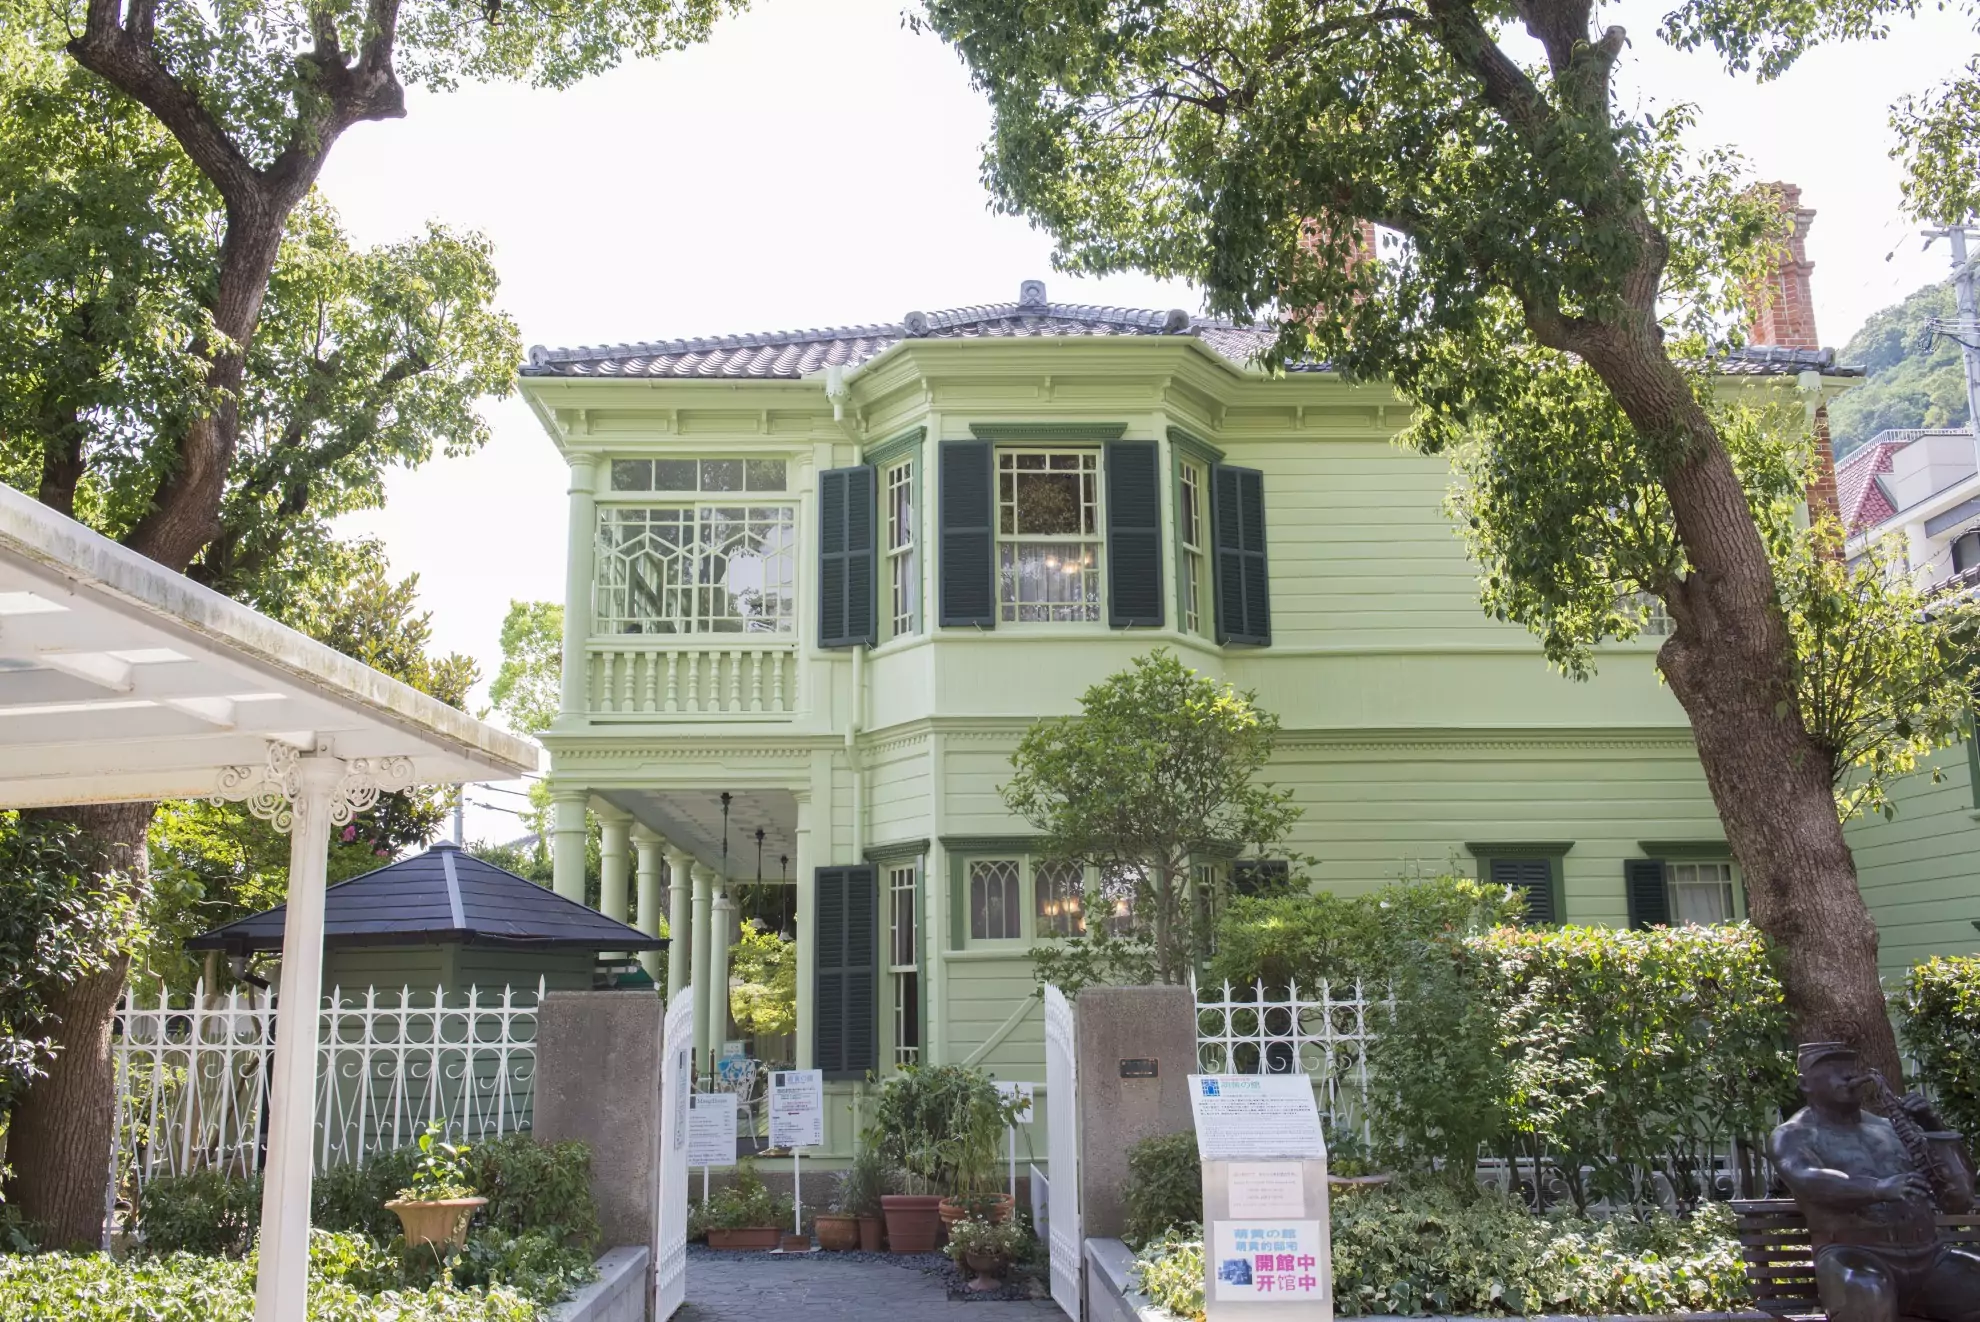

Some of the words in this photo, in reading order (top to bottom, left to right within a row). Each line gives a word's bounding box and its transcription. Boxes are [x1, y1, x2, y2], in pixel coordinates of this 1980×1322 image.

[1255, 1254, 1315, 1272] 開館中
[1256, 1274, 1316, 1292] 开馆中
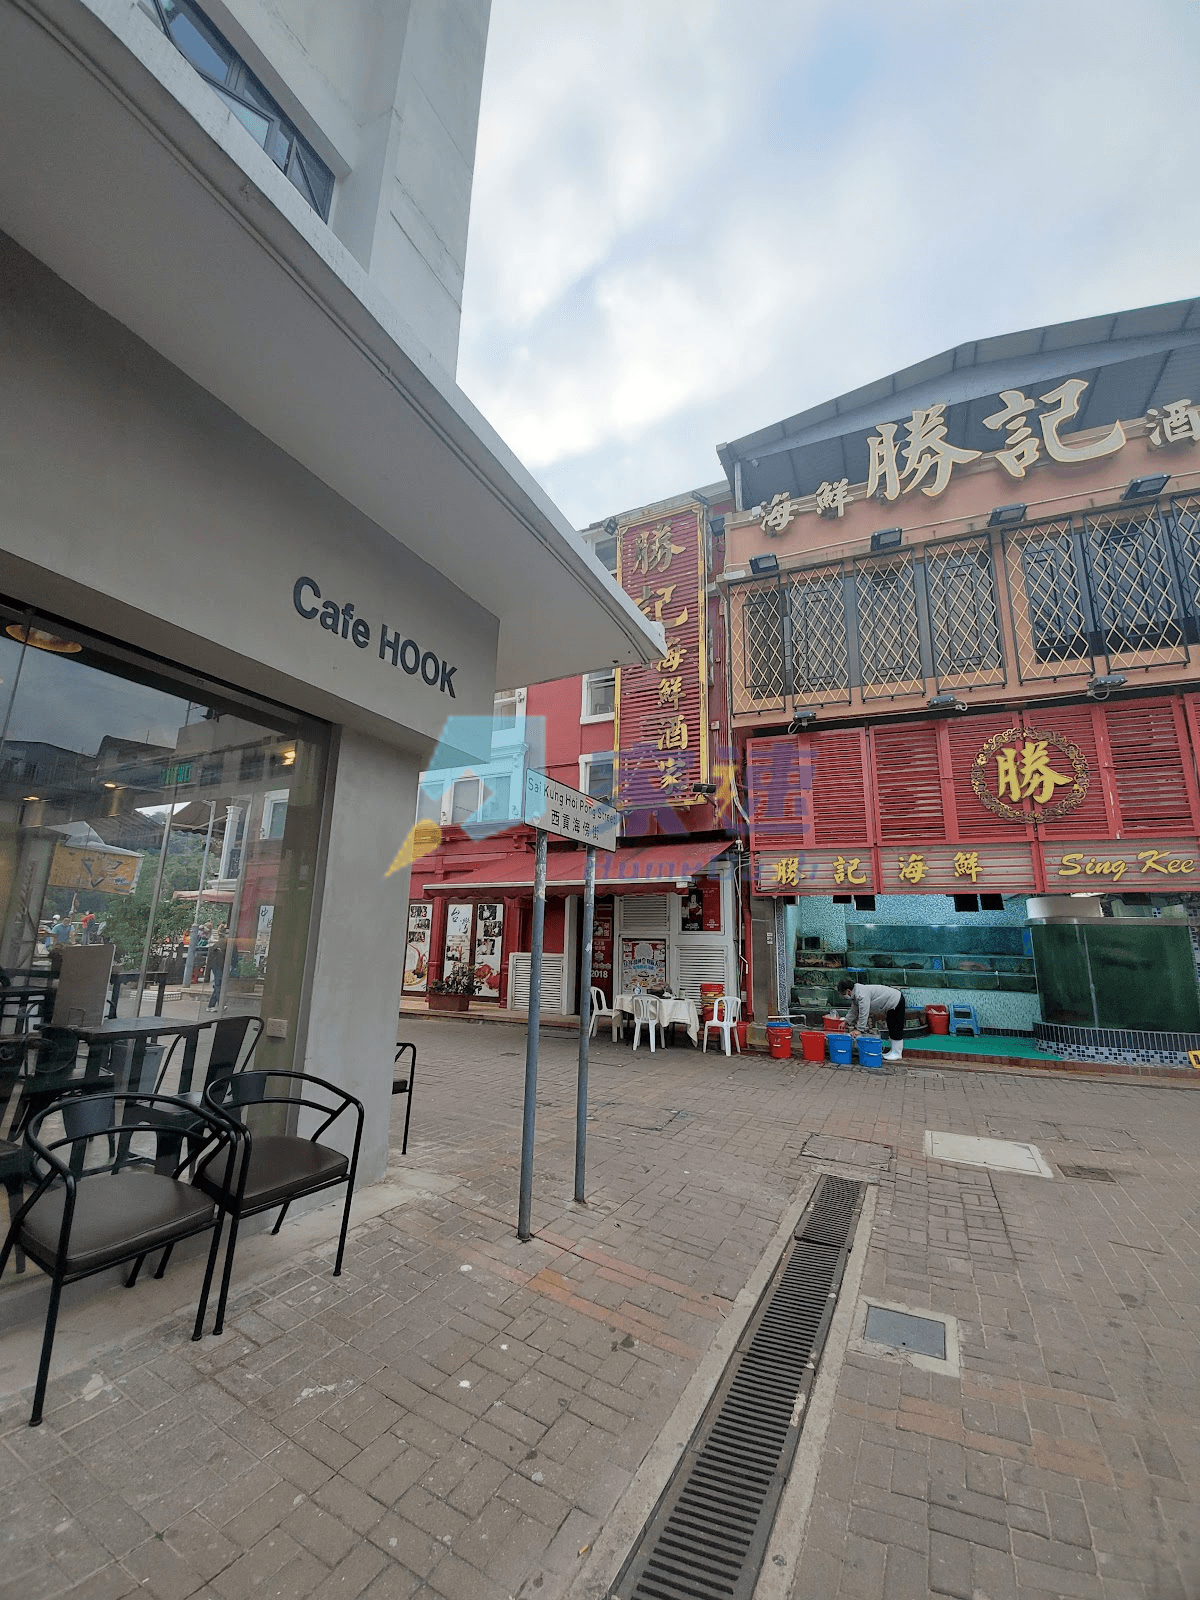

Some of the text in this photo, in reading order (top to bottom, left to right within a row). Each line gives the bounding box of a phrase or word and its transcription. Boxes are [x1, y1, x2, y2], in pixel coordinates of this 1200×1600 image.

[293, 576, 457, 698] Cafe HOOK
[996, 740, 1073, 804] 勝
[528, 777, 542, 793] Sai
[543, 784, 564, 807] Kung
[565, 793, 578, 810] Hoi
[597, 807, 617, 825] Street
[1058, 850, 1197, 881] Sing Kee
[591, 970, 608, 978] 2018

________________________

▶ _About this task_
Give back the lines above exactly, from the one with "Some of the text" through the last line.

▶ _Answer area_
Some of the text in this photo, in reading order (top to bottom, left to right within a row). Each line gives the bounding box of a phrase or word and its transcription. Boxes are [x1, y1, x2, y2], in pixel coordinates of this 1200×1600 image.

[293, 576, 457, 698] Cafe HOOK
[996, 740, 1073, 804] 勝
[528, 777, 542, 793] Sai
[543, 784, 564, 807] Kung
[565, 793, 578, 810] Hoi
[597, 807, 617, 825] Street
[1058, 850, 1197, 881] Sing Kee
[591, 970, 608, 978] 2018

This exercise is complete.